Hey again,
I'm running a bulk load on s3 and I'm seeing region servers being
instructed to load an hfile multiple times. I've seen this behavior two
different ways. The first time I saw this was after deciding to brute
force my way around the problem in HBASE-20774 [1] by just letting the
cluster copy the data down from s3 and back up. After letting this run
over night the input 15TB of data was now over 60TB in the hbase
catalog. I noticed in the logs that files were being copied multiple
times (I saw around 10 times on some files on a single region server).
After writing a patch for HBASE-20774 and deploying it to the cluster on
the next attempt I'm seeing the same behavior but because when you bulk
load from the same FS as the HBase root, HBase renames files rather than
copying them. This is causing FileNotFoundExceptions the next time the
region server is instructed to load the file.
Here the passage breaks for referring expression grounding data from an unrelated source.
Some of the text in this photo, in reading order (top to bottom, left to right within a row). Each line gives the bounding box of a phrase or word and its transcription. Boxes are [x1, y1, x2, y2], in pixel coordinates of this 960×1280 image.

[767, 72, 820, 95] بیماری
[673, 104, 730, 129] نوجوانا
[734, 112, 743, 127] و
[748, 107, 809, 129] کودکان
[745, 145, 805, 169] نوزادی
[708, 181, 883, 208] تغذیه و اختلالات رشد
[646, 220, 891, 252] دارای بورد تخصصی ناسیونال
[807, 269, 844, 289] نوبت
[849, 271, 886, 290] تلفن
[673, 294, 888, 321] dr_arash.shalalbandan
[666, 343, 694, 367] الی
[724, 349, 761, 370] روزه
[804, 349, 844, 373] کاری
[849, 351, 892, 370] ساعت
I've cherry picked the
logs of an occurrence of this happening off of a region server:
2018-06-27 19:34:18,170 INFO
[RpcServer.default.FPBQ.Fifo.handler=29,queue=2,port=16020]
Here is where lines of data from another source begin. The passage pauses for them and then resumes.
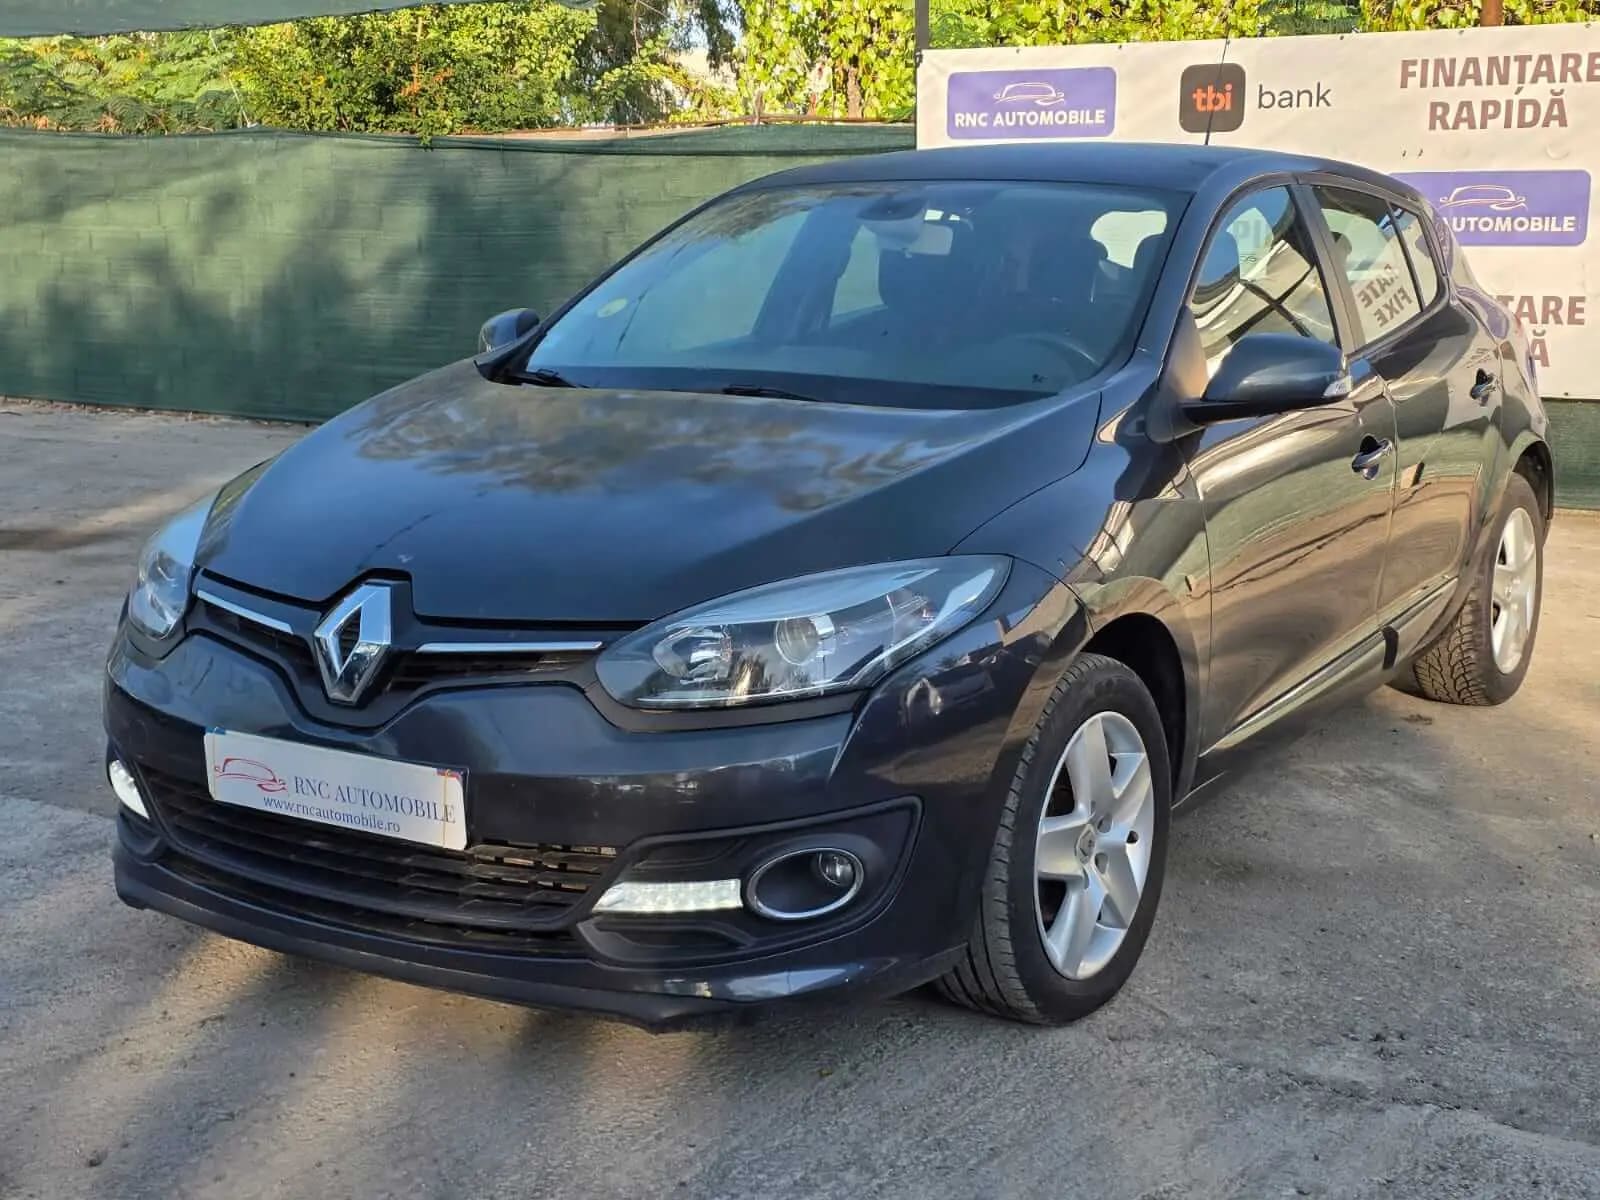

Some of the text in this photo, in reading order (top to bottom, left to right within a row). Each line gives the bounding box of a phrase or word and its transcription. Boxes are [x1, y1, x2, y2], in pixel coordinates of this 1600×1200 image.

[1192, 82, 1331, 112] tbi bank
[1428, 88, 1568, 131] RAPIDĂ
[954, 110, 1105, 128] RNC AUTOMOBILE
[263, 795, 401, 833] www.rncautomobile.ro
[293, 775, 457, 824] RNC AUTOMOBILE
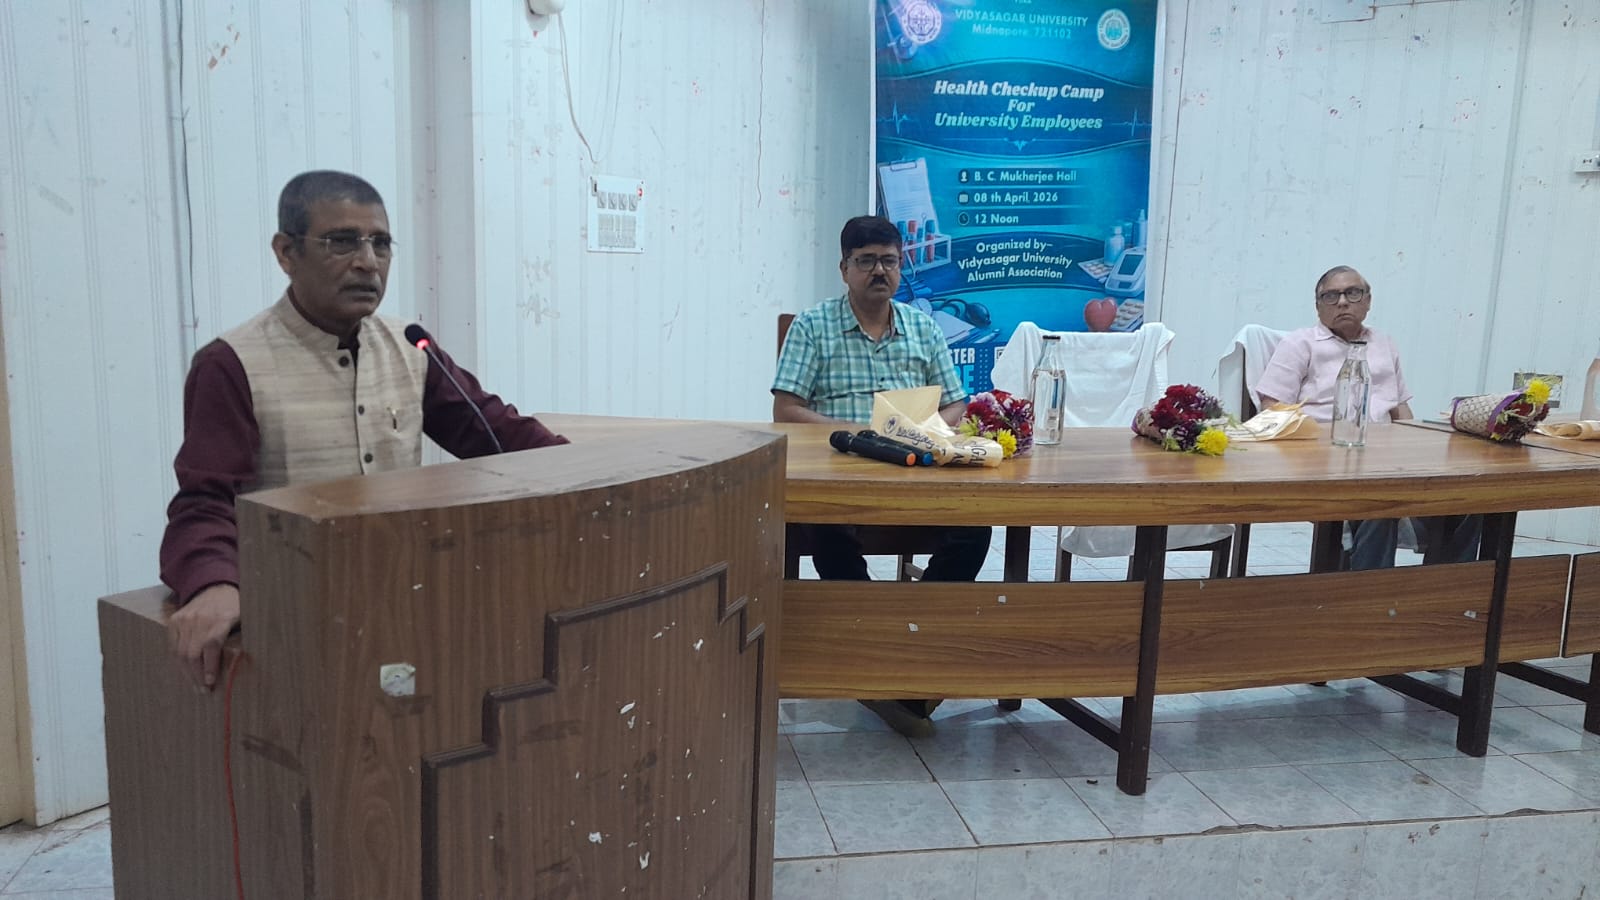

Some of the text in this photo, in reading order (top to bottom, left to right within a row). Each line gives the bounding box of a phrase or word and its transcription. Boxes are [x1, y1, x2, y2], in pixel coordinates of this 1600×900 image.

[955, 9, 1089, 27] VIDYASAGAR UNIVERSITY
[933, 80, 1104, 102] Health Checkup Camp
[1007, 99, 1035, 112] For
[934, 112, 1103, 131] University Employees
[974, 171, 984, 181] B.
[1000, 170, 1054, 184] Mukherjee
[1056, 170, 1077, 181] Hall
[974, 192, 988, 203] 08
[991, 191, 1002, 203] th
[1033, 192, 1058, 202] 2026
[975, 213, 1019, 224] 12 Noon
[976, 238, 1031, 253] Organized
[957, 252, 1073, 270] Vidyasagar University
[967, 266, 1063, 283] Alumni Association
regionserver.HStore: Validating hfile at
s3://bucket_name/data/bulkload/z3/d/19bca1eee5ff45a38cca616696b92ffe for
inclusion in store d region z3_v2,\x00\x09\xD9
\x00\x00\x00\x00\x00\x00\x00,1530122295326.f6e3567551881fbd48baed14bfe2252b.
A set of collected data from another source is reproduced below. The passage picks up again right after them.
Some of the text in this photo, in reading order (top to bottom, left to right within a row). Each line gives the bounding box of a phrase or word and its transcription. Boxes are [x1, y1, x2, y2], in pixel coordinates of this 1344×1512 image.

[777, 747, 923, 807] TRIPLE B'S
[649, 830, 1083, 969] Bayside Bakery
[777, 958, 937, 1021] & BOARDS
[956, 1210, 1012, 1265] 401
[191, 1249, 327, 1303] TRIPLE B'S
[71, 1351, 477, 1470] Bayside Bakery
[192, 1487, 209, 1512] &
2018-06-27 19:34:18,236 INFO
[RpcServer.default.FPBQ.Fifo.handler=29,queue=2,port=16020]
s3n.S3NativeFileSystem: Opening
's3://bucket_name/data/bulkload/z3/d/19bca1eee5ff45a38cca616696b92ffe'
for reading
2018-06-27 19:34:45,915 INFO
[RpcServer.default.FPBQ.Fifo.handler=29,queue=2,port=16020]
s3n.S3NativeFileSystem: rename
s3://bucket_name/data/bulkload/z3/d/19bca1eee5ff45a38cca616696b92ffe
s3://bucket_name/data/default/z3_v2/f6e3567551881fbd48baed14bfe2252b/d/47aef50a986340908a8242b256adbedf_SeqId_4_
2018-06-27 19:34:59,005 INFO
[RpcServer.default.FPBQ.Fifo.handler=29,queue=2,port=16020]
regionserver.HStore: Loaded HFile
s3://bucket_name/data/bulkload/z3/d/19bca1eee5ff45a38cca616696b92ffe
into store 'd' as
s3://bucket_name/data/default/z3_v2/f6e3567551881fbd48baed14bfe2252b/d/47aef50a986340908a8242b256adbedf_SeqId_4_
- updating store file list.
2018-06-27 19:34:59,101 INFO
[RpcServer.default.FPBQ.Fifo.handler=29,queue=2,port=16020]
regionserver.HStore: Successfully loaded store file
s3://bucket_name/data/bulkload/z3/d/19bca1eee5ff45a38cca616696b92ffe
into store d (new location:
s3://bucket_name/data/default/z3_v2/f6e3567551881fbd48baed14bfe2252b/d/47aef50a986340908a8242b256adbedf_SeqId_4_)
2018-06-27 19:40:03,463 INFO
[RpcServer.default.FPBQ.Fifo.handler=29,queue=2,port=16020]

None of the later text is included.